Work instruction
Only the pictures are dropped. Restate each line below word for word.

Data in this exercise
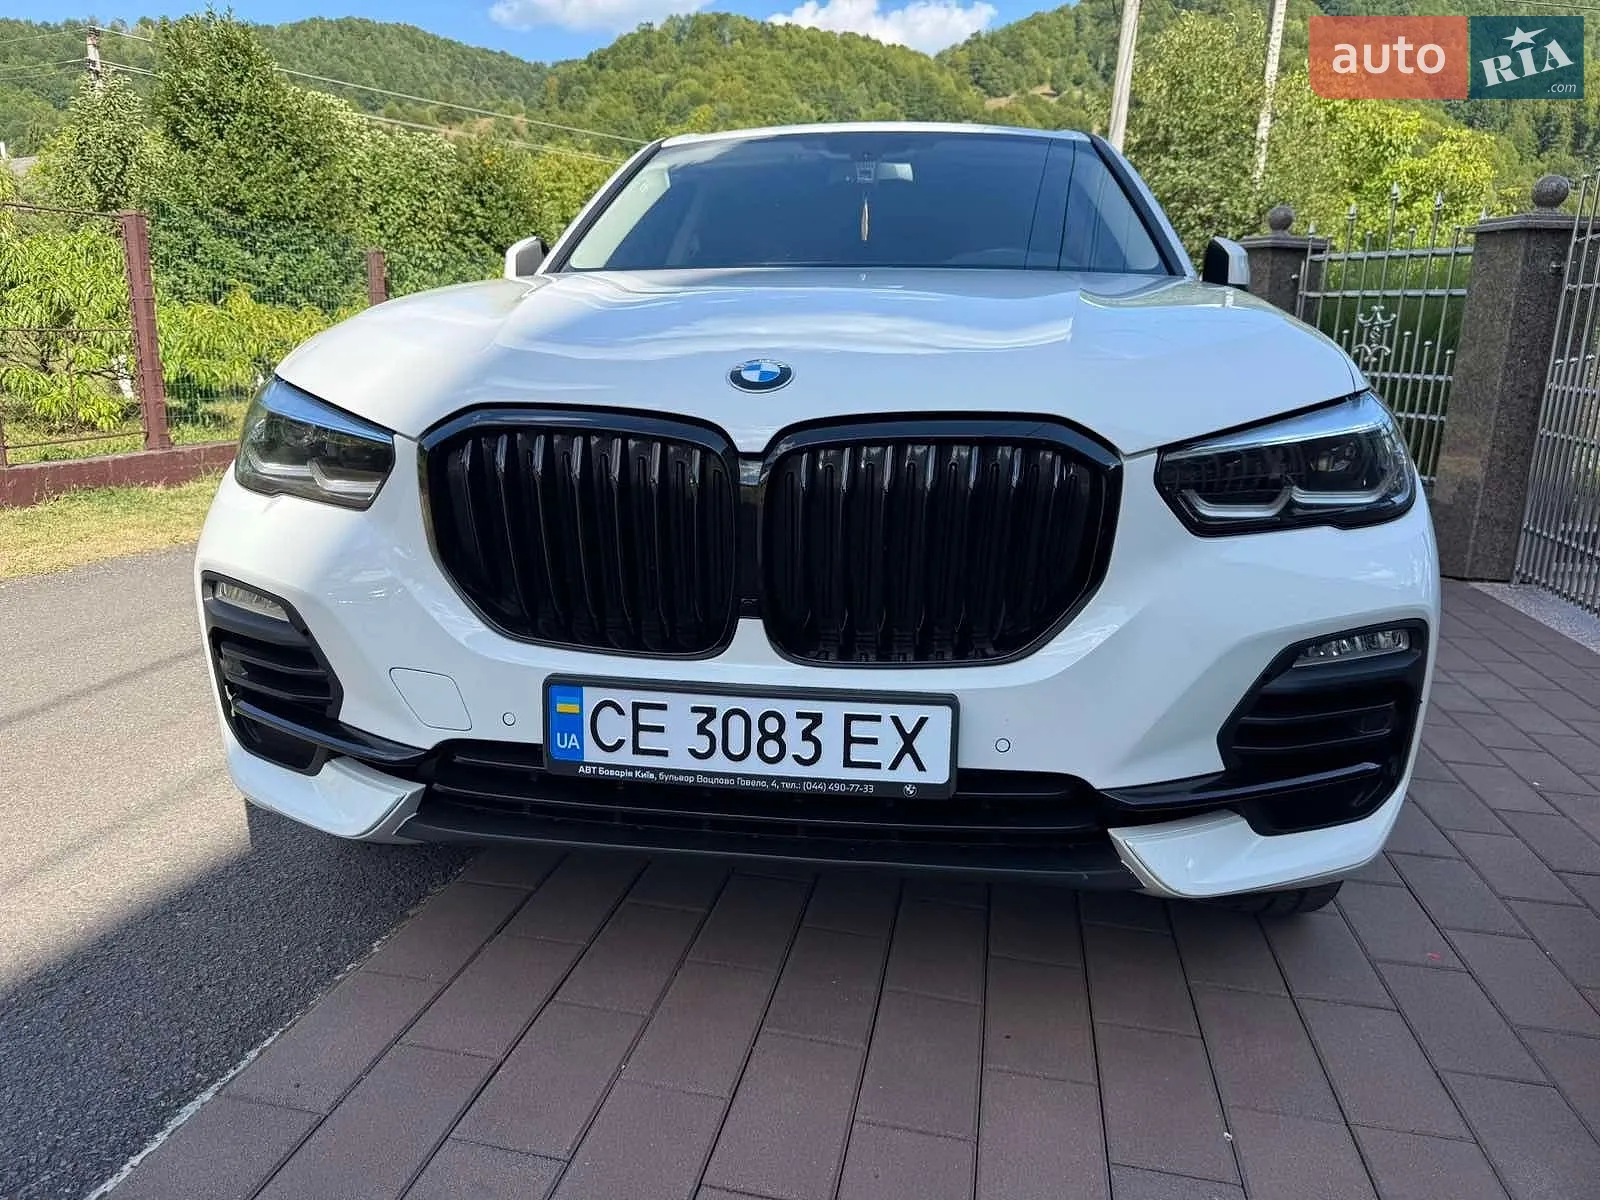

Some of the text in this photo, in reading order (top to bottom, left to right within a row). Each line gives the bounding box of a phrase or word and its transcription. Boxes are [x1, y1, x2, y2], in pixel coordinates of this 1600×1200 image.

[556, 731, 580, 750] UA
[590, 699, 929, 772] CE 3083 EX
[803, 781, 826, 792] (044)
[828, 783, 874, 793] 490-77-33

Solution to the exercise
Some of the text in this photo, in reading order (top to bottom, left to right within a row). Each line gives the bounding box of a phrase or word and its transcription. Boxes are [x1, y1, x2, y2], in pixel coordinates of this 1600×1200 image.

[556, 731, 580, 750] UA
[590, 699, 929, 772] CE 3083 EX
[803, 781, 826, 792] (044)
[828, 783, 874, 793] 490-77-33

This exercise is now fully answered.